Parfois ce n'est qu'histoire de nombre, et la norme peut être norme seulement parce qu'elle est parlée par le plus grand nombre. On comprend alors facilement un sentiment d'insécurité linguistique au Québec de la part des Canadiens francophones ou encore de la part des Belges néerlandophones habitant en région frontalière avec la France. On comprend aussi, à une autre échelle, le sentiment d'insécurité linguistique perçu par certains en France face à la langue anglaise, numériquement plus fortement représentée sur le globe. Pourquoi alors ne pas s'inquiéter du mandarin ou de l'espagnol, langues elles-aussi très fortes numériquement, démographiquement ? Simplement par manque de contact avec ces deux autres langues, sur le même principe que celui qui fait que, désormais, les francophones s'inquiètent beaucoup moins qu'auparavant du contact entre le français et l'italien.

L'insécurité linguistique est le fait d'un raisonnement paradoxal : « les locuteurs ont tendance à percevoir leur production à travers le prisme des réalisations visées (les modèles [la norme]), ce qui les conduit à avoir une image déformée de leurs pratiques » (Lafontaine, 1986, p16). Nous dévalorisons donc nous-même nos propres parlers en nous plaçant, dans le cas de l'insécurité linguistique, du côté des dominés : « les membres d'une communauté linguistique dominée semblent partager la vision des dominants et ont même tendance à se ''classer'' moins bien que ne les classent les dominants eux-mêmes. » (Lafontaine, 1986, p29). Nous illustrerons de manière plus concrète ces mécanismes lorsque nous traiterons des positions des Français face à l'anglais.

De manière autoritaire, l'insécurité linguistique peut être le fait d'une imposition venue de l'extérieur. Par exemple : « les colonisateurs le savent bien, un de leur premier souci est de transmettre leur évaluation péjorative des langues vernaculaires aux colonisés qui finissent par mépriser leur ''dialecte'', leur ''patois'', leur ''charabia''. » (Boyer, 1991, p29).

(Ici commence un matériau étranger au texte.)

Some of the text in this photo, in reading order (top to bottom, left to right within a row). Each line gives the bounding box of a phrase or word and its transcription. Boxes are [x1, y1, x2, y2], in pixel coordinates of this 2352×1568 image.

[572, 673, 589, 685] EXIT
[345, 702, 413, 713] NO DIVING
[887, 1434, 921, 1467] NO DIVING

Il en va de l'insécurité linguistique comme il en va des attitudes, la conscience de celle-ci varie selon les individus, et l'on peut distinguer une insécurité linguistique dite, donc directe et manifestée consciemment, notamment par des stéréotypes, et une insécurité linguistique agie, moins directe et moins consciente, plus profonde dans l'individu, et manifestée extérieurement (Ledegen, 2000, p56-57). Ce sont ces manifestations extérieures (réalisations phonétiques notamment) qui avaient permis à Labov en 1966, puis à Trudgill en 1974 de mettre en évidence le principe même de l'insécurité linguistique. Par mécanisme de défense, l'insécurité linguistique pousse aussi à défendre corps et âme (phonologie et attitudes) sa langue : « L'amour patriotique d'une langue peut aussi s'enraciner dans l'anxiété douloureuse que produit un complexe aigu de dévaluation » (Hagège, 2009, p547).

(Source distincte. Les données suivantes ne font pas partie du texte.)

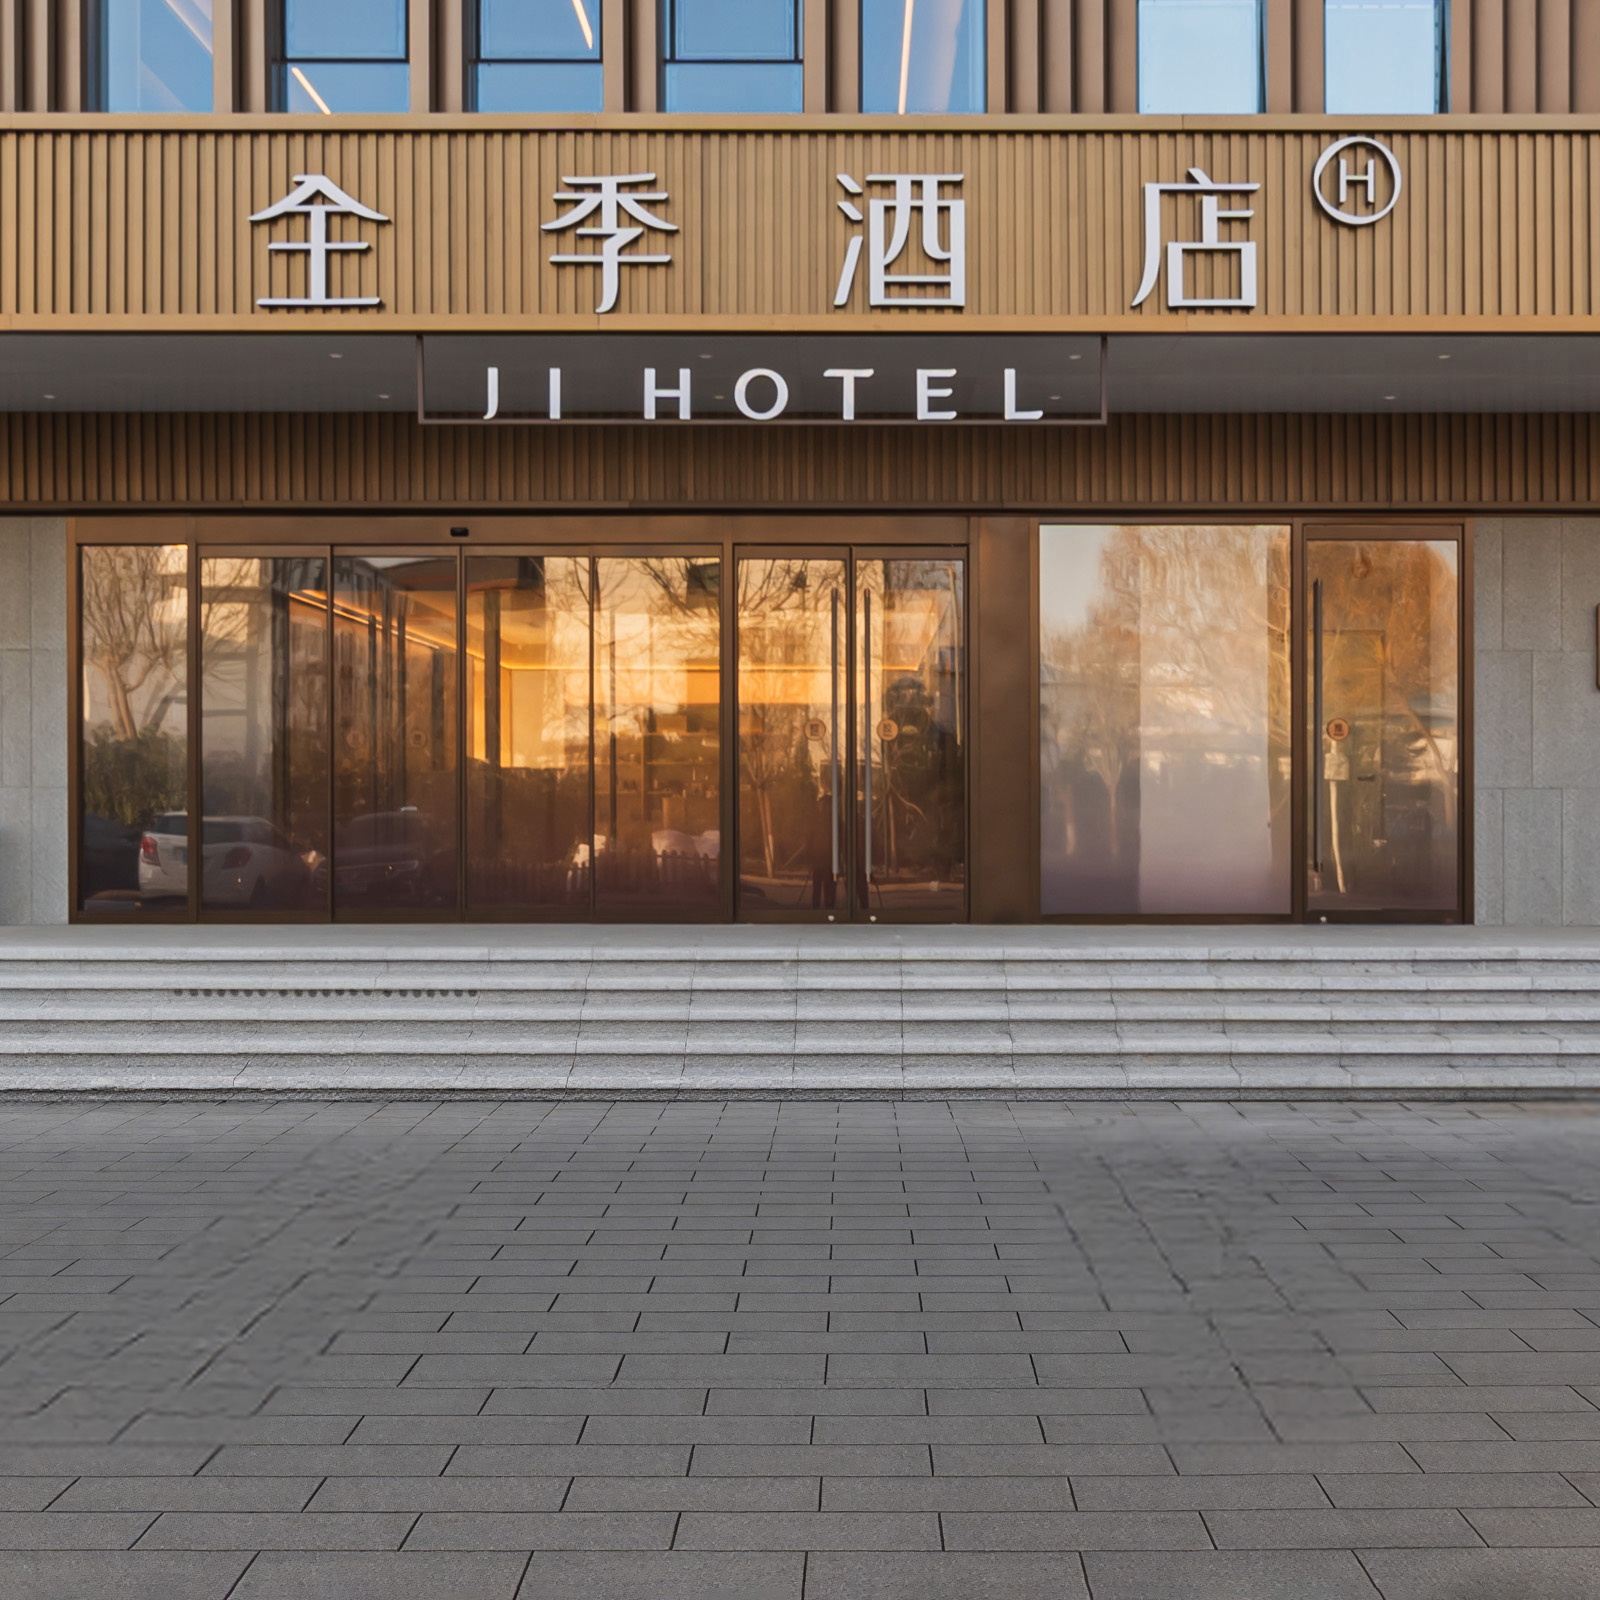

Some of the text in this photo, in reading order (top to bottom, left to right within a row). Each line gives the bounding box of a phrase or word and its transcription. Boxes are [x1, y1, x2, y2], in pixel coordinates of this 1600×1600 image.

[247, 166, 1261, 314] 全季酒店
[483, 367, 1045, 421] JI HOTEL

Un passage par la sociologie résume très bien la réponse à la question de savoir pourquoi la langue soulève le débat et nourrit nos attitudes : « les rapports de communication par excellence que sont les échanges linguistiques sont aussi des rapports de pouvoir symbolique où s'actualisent les rapports de force entre les locuteurs ou leurs groupes respectifs » (Bourdieu, 1982, p14. Je souligne). C'est ce qu'illustre Ager quand il remet le pamphlet d'Etiemble (1991) dans le contexte historique et politique de son époque, marqué par une décennie de politique française de protectionnisme envers les États-Unis et le Royaume-Uni (Ager, 1999, p100-101). C'est parce que la langue dépasse le cadre strict de la langue et implique directement et personnellement les hommes qui la parlent que nous y attachons des valeurs. Ces valeurs, qui évoluent chronologiquement en accord avec nos courants de pensée, relèvent de nos morales collectives, de nos affects individuels, de nos dégoûts mais aussi de nos aspirations. Elles relèvent aussi de nos peurs, à commencer par celle de disparaître dans l'oubli.